Supplied entries:
● ● ● ●
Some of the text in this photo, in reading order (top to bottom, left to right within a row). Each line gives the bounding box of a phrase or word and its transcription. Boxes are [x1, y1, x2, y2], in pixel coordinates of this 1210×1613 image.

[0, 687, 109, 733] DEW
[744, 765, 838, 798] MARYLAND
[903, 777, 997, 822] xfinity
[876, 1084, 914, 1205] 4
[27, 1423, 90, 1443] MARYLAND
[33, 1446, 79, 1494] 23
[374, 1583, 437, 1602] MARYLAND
● ● ● ●
What this task involves: Give the material above again, word for word.

Your solution:
Some of the text in this photo, in reading order (top to bottom, left to right within a row). Each line gives the bounding box of a phrase or word and its transcription. Boxes are [x1, y1, x2, y2], in pixel coordinates of this 1210×1613 image.

[0, 687, 109, 733] DEW
[744, 765, 838, 798] MARYLAND
[903, 777, 997, 822] xfinity
[876, 1084, 914, 1205] 4
[27, 1423, 90, 1443] MARYLAND
[33, 1446, 79, 1494] 23
[374, 1583, 437, 1602] MARYLAND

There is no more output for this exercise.